*** Block opens ***
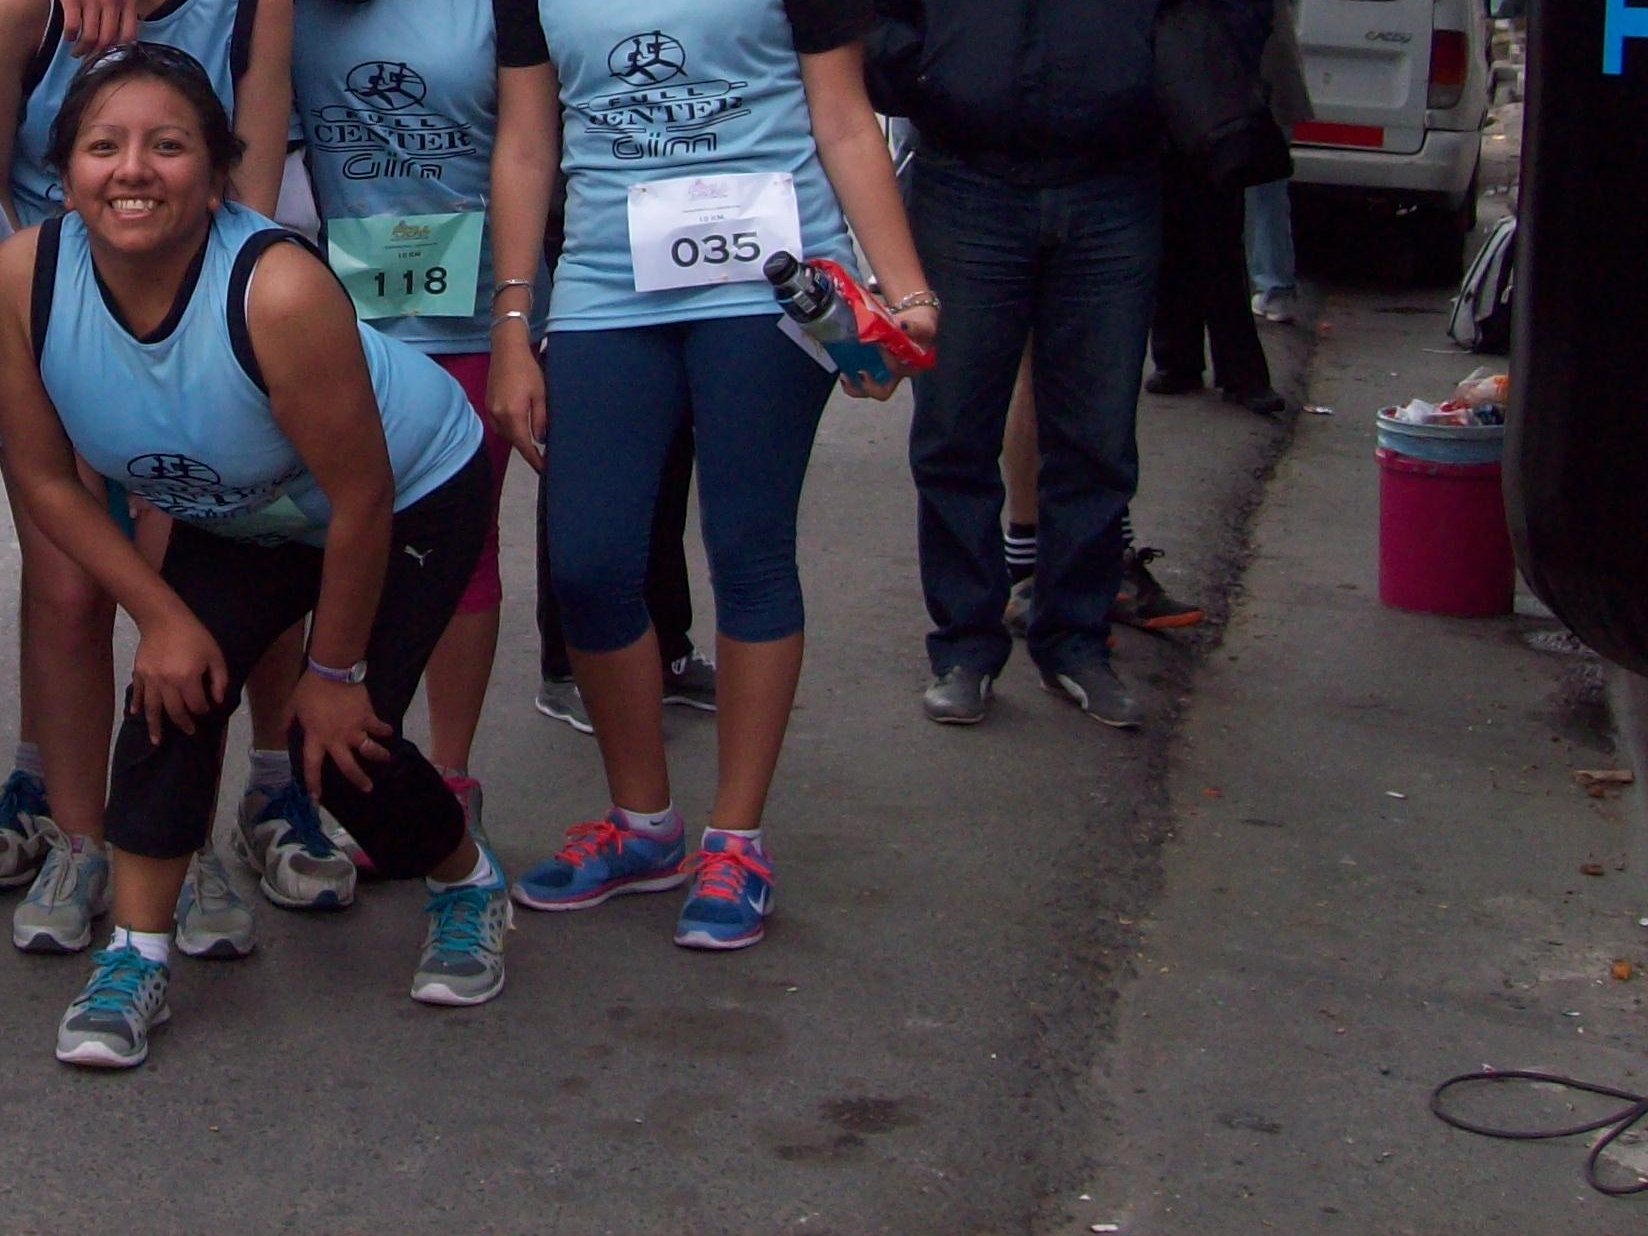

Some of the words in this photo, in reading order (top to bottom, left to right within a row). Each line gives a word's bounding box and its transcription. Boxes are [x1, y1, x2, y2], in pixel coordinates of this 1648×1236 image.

[608, 87, 705, 107] FULL
[314, 124, 472, 151] CENTER
[671, 231, 761, 268] 035
[373, 266, 448, 298] 118
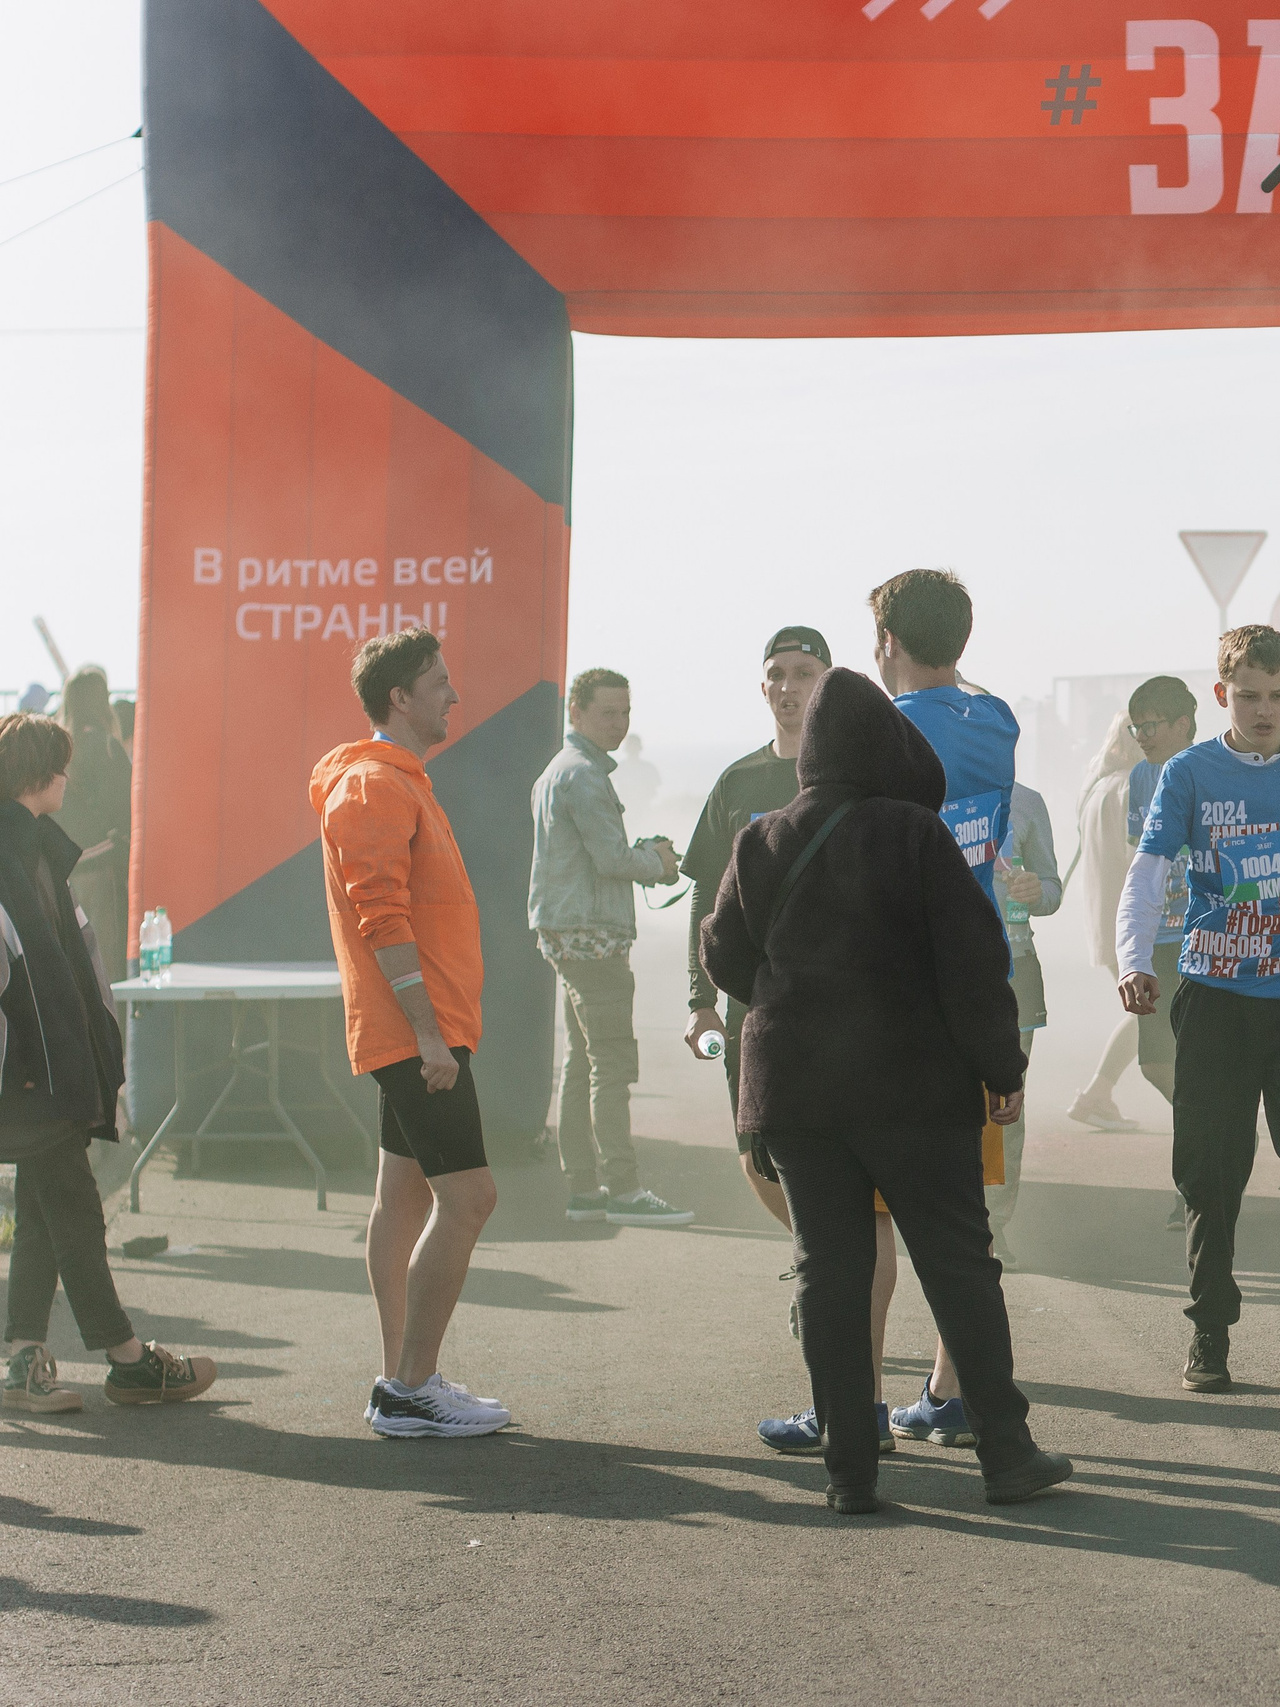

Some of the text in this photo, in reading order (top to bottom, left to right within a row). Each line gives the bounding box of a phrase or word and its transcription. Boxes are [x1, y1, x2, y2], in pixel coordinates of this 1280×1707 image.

[193, 547, 494, 592] В ритме всей
[235, 601, 449, 641] СТРАНЫ!
[1200, 799, 1248, 826] 2024
[954, 816, 990, 847] 30013
[1188, 928, 1273, 958] #ЛЮБОВЬ
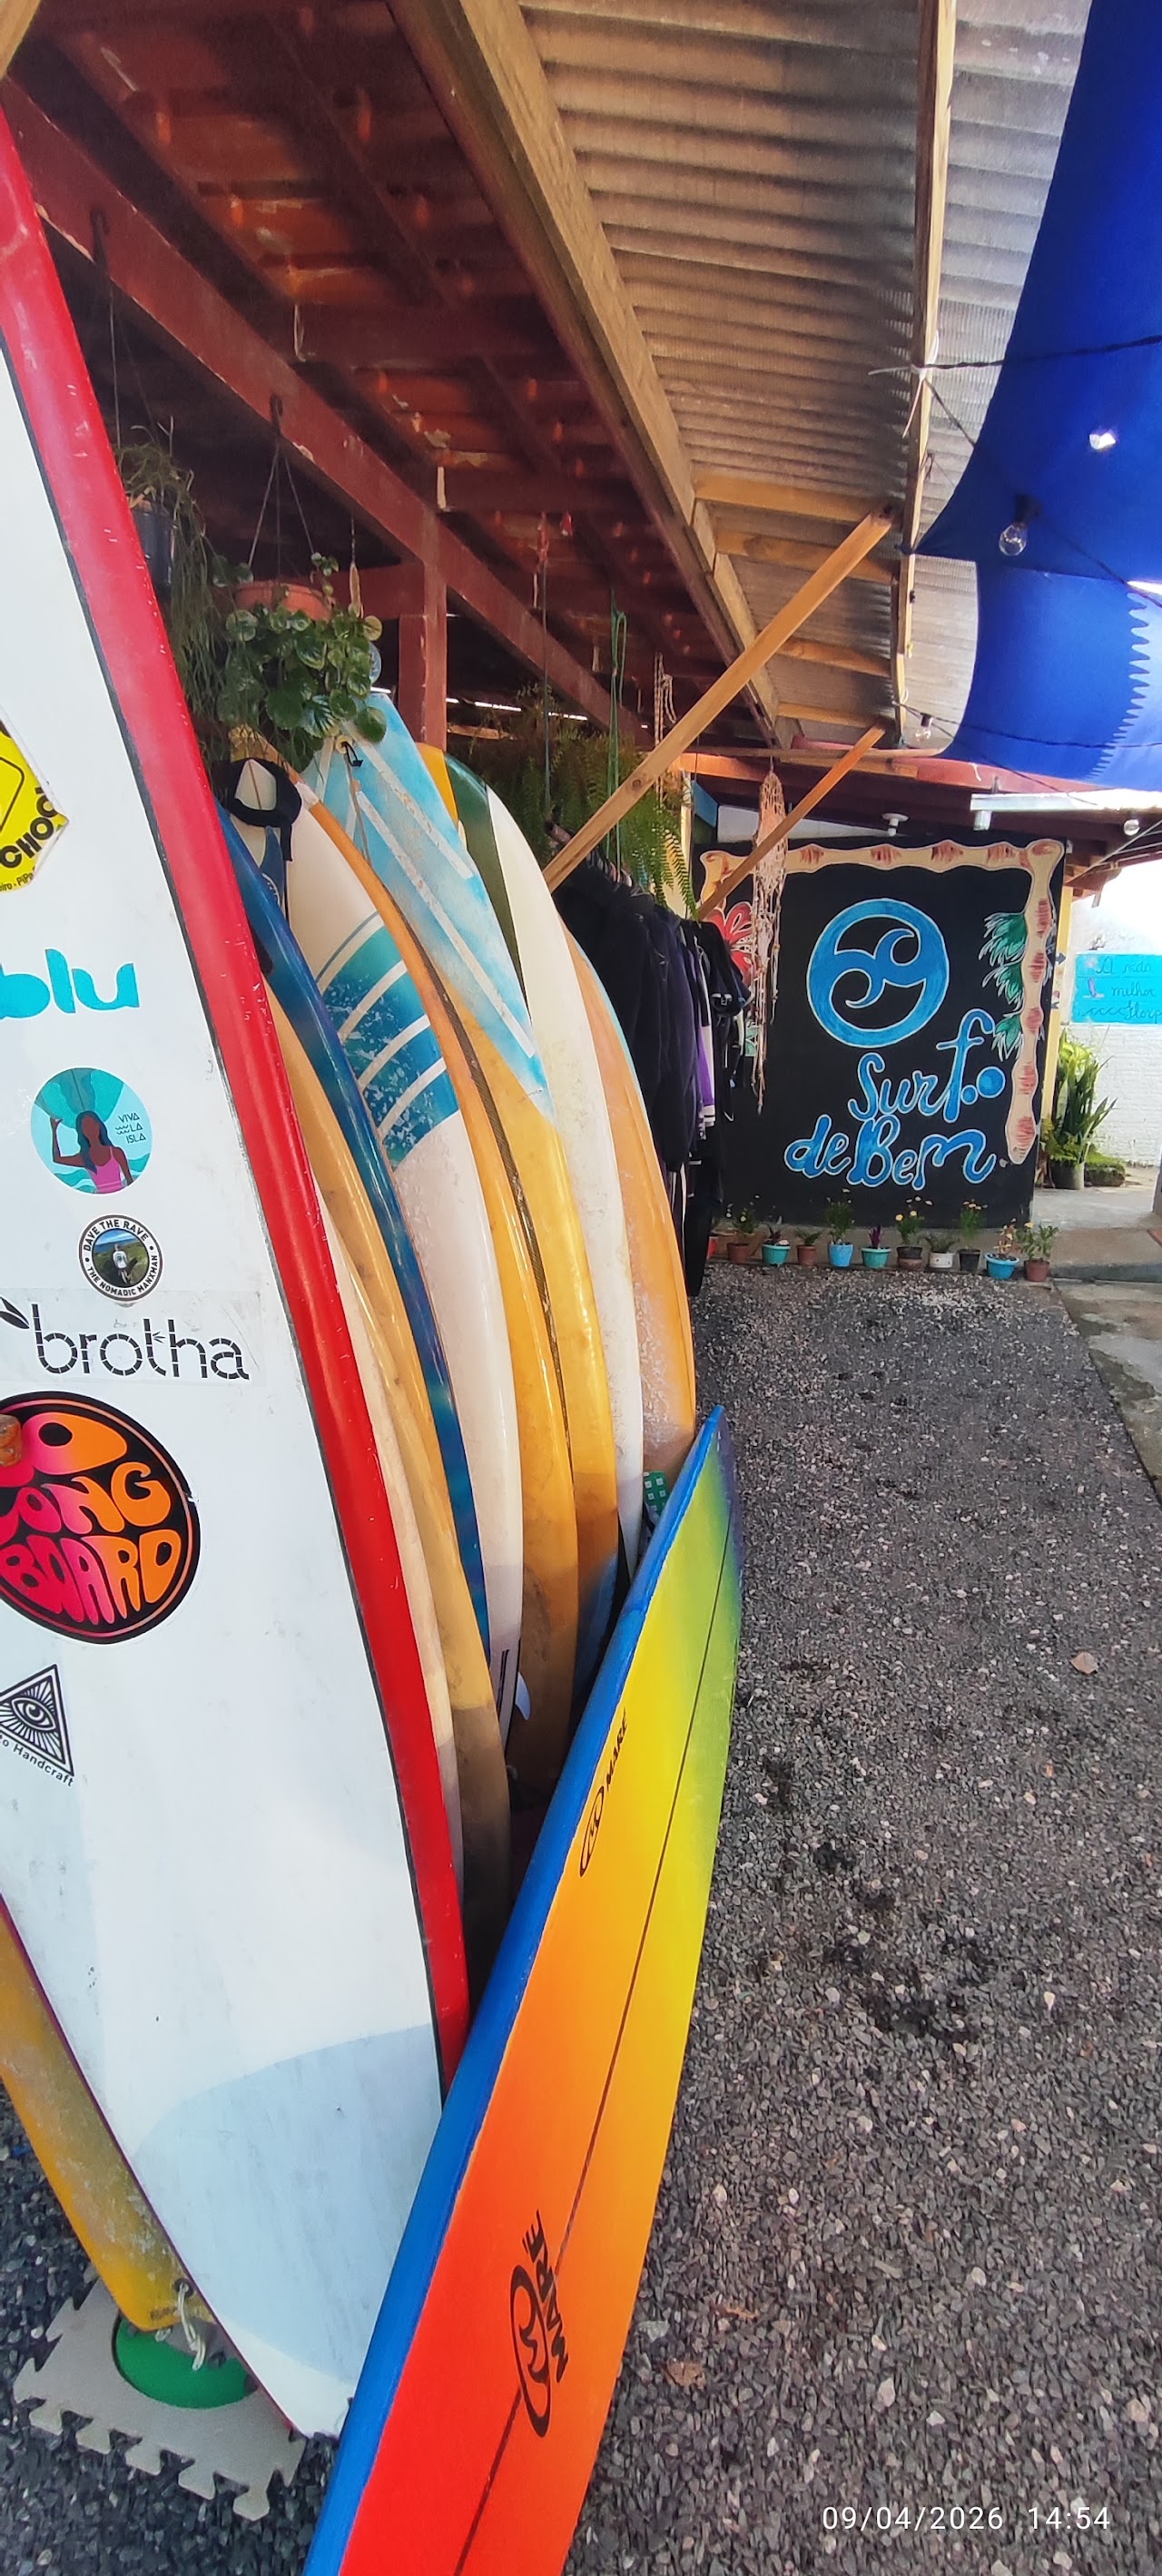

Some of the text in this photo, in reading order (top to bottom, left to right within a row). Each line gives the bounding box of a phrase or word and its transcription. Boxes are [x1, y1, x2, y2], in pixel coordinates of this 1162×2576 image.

[0, 786, 59, 869] CHOO
[848, 1008, 997, 1123] Surf
[118, 1112, 141, 1123] VIVA
[125, 1132, 147, 1144] ISLA
[129, 1122, 143, 1132] LA
[783, 1114, 997, 1190] de Bem
[83, 1219, 149, 1252] DAVE THE RAVE
[87, 1254, 159, 1296] THE NOMADIC MANXMAN
[31, 1303, 250, 1380] brotha
[0, 1529, 182, 1625] BOARD
[13, 1744, 74, 1786] Handcraft
[522, 2208, 569, 2384] MARE
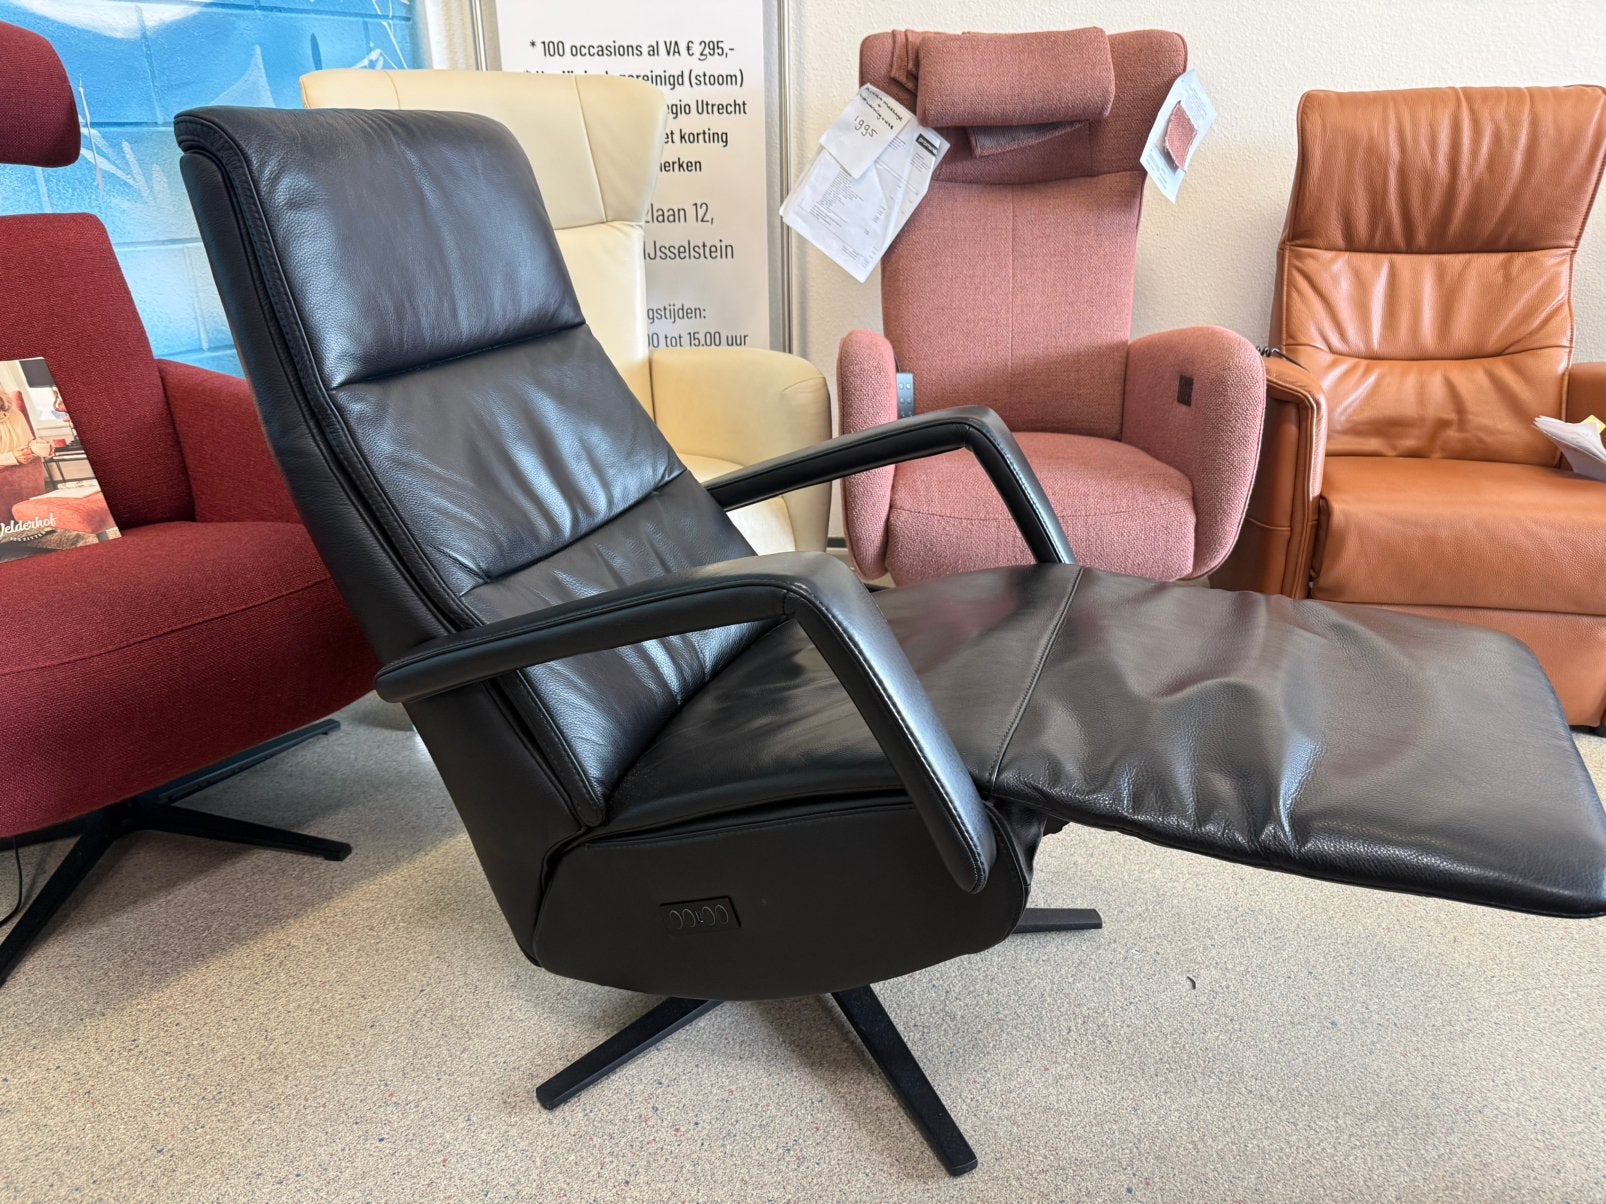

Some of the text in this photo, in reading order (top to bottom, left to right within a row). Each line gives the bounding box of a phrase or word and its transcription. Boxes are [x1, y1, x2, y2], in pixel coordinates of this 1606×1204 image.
*** Block closes ***
In your copy of the data above, leave out the pictures and repeat everything else exactly.

Some of the words in this photo, in reading order (top to bottom, left to right within a row). Each line gives a word's bounding box and its transcription. Boxes are [x1, y1, x2, y2], in pixel coordinates of this 1648×1236 image.

[608, 87, 705, 107] FULL
[314, 124, 472, 151] CENTER
[671, 231, 761, 268] 035
[373, 266, 448, 298] 118

Some of the text in this photo, in reading order (top to bottom, left to right within a row). Each line gives the bounding box of a phrase or word and its transcription. Boxes are [x1, y1, x2, y2], in pixel coordinates of this 1280×1707 image.

[193, 547, 494, 592] В ритме всей
[235, 601, 449, 641] СТРАНЫ!
[1200, 799, 1248, 826] 2024
[954, 816, 990, 847] 30013
[1188, 928, 1273, 958] #ЛЮБОВЬ

Some of the text in this photo, in reading order (top to bottom, left to right within a row). Each line gives the bounding box of a phrase or word and its transcription. Boxes are [x1, y1, x2, y2], in pixel coordinates of this 1162×2576 image.

[0, 786, 59, 869] CHOO
[848, 1008, 997, 1123] Surf
[118, 1112, 141, 1123] VIVA
[125, 1132, 147, 1144] ISLA
[129, 1122, 143, 1132] LA
[783, 1114, 997, 1190] de Bem
[83, 1219, 149, 1252] DAVE THE RAVE
[87, 1254, 159, 1296] THE NOMADIC MANXMAN
[31, 1303, 250, 1380] brotha
[0, 1529, 182, 1625] BOARD
[13, 1744, 74, 1786] Handcraft
[522, 2208, 569, 2384] MARE

Some of the text in this photo, in reading order (top to bottom, left to right within a row). Each line gives the bounding box of a phrase or word and its transcription. Boxes are [x1, y1, x2, y2], in pixel coordinates of this 1606×1204 image.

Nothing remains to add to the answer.